Ao analisar o tema, Maluf afirmou que as aplicações são permitidas, desde que atendam aos requisitos de segurança, liquidez e economicidade, e sejam feitas exclusivamente em instituições financeiras oficiais ou autorizadas por lei nacional. “Os rendimentos das aplicações financeiras constituem receitas de natureza patrimonial, devem constar na Lei Orçamentária Anual e, caso não sejam utilizados no exercício, precisam ser devolvidos ao caixa único do Tesouro ou compensados nas parcelas do ano seguinte, conforme prevê o § 2º do art. 168 da Constituição Federal”, explicou.

O relator também reforçou que é proibida a criação de fundos especiais destinados a gerir os rendimentos dessas aplicações, em consonância com o mesmo dispositivo constitucional. Maluf citou ainda entendimento semelhante do Tribunal de Contas do Paraná, que vedou a constituição de novos fundos após a Emenda Constitucional nº 109/2021.

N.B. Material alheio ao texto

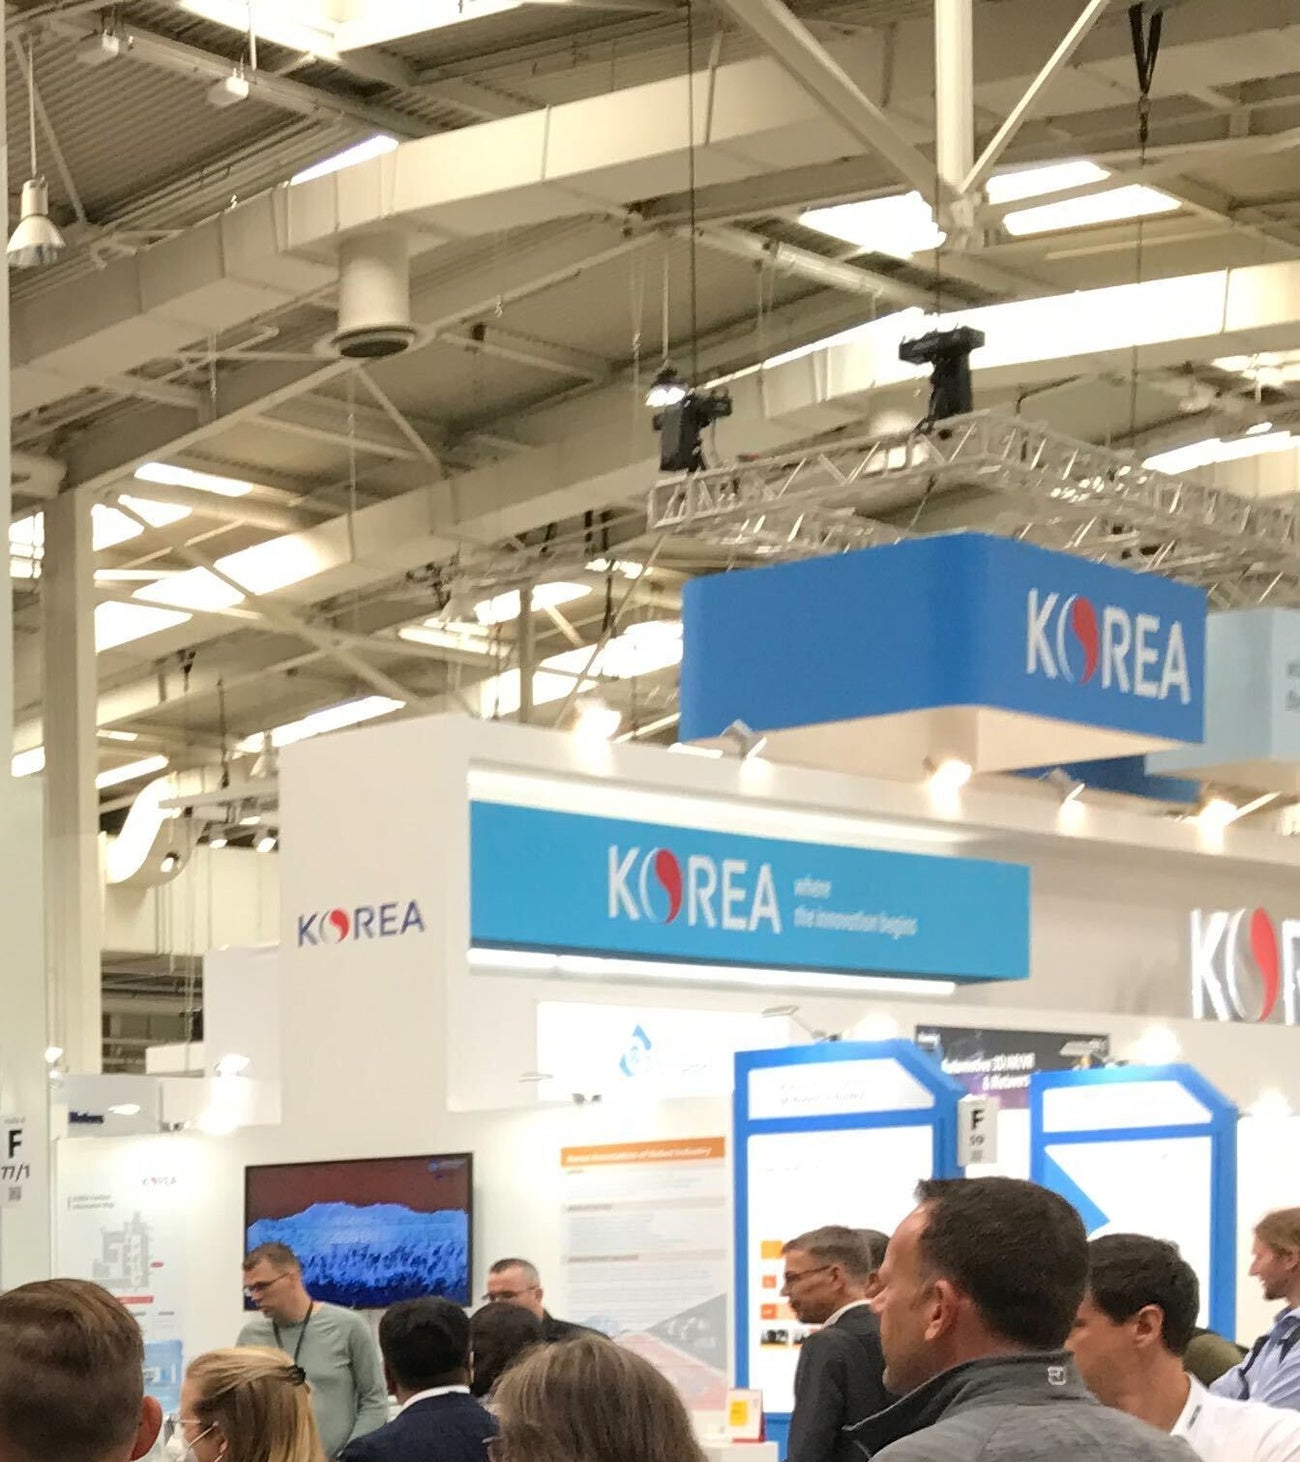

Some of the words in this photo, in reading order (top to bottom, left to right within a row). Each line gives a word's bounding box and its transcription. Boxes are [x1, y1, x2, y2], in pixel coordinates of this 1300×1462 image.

[1026, 588, 1191, 705] KOREA
[607, 845, 783, 934] KOREA
[298, 899, 424, 948] KOREA
[971, 1109, 985, 1130] F
[8, 1129, 22, 1159] F
[1, 1163, 30, 1182] 77/1

O parecer seguiu integralmente as manifestações técnicas da Secretaria Geral de Controle Externo (Segecex), da Secretaria de Normas, Jurisprudência e Consensualismo (SNJur), da Comissão Permanente de Normas e do Ministério Público de Contas (MPC). O Plenário do TCE-MT acompanhou o voto do relator por unanimidade.

Com o posicionamento, o Tribunal reforça a orientação jurídica às câmaras municipais e estabelece parâmetros claros para garantir a regularidade, a transparência e a correta gestão dos recursos do duodécimo.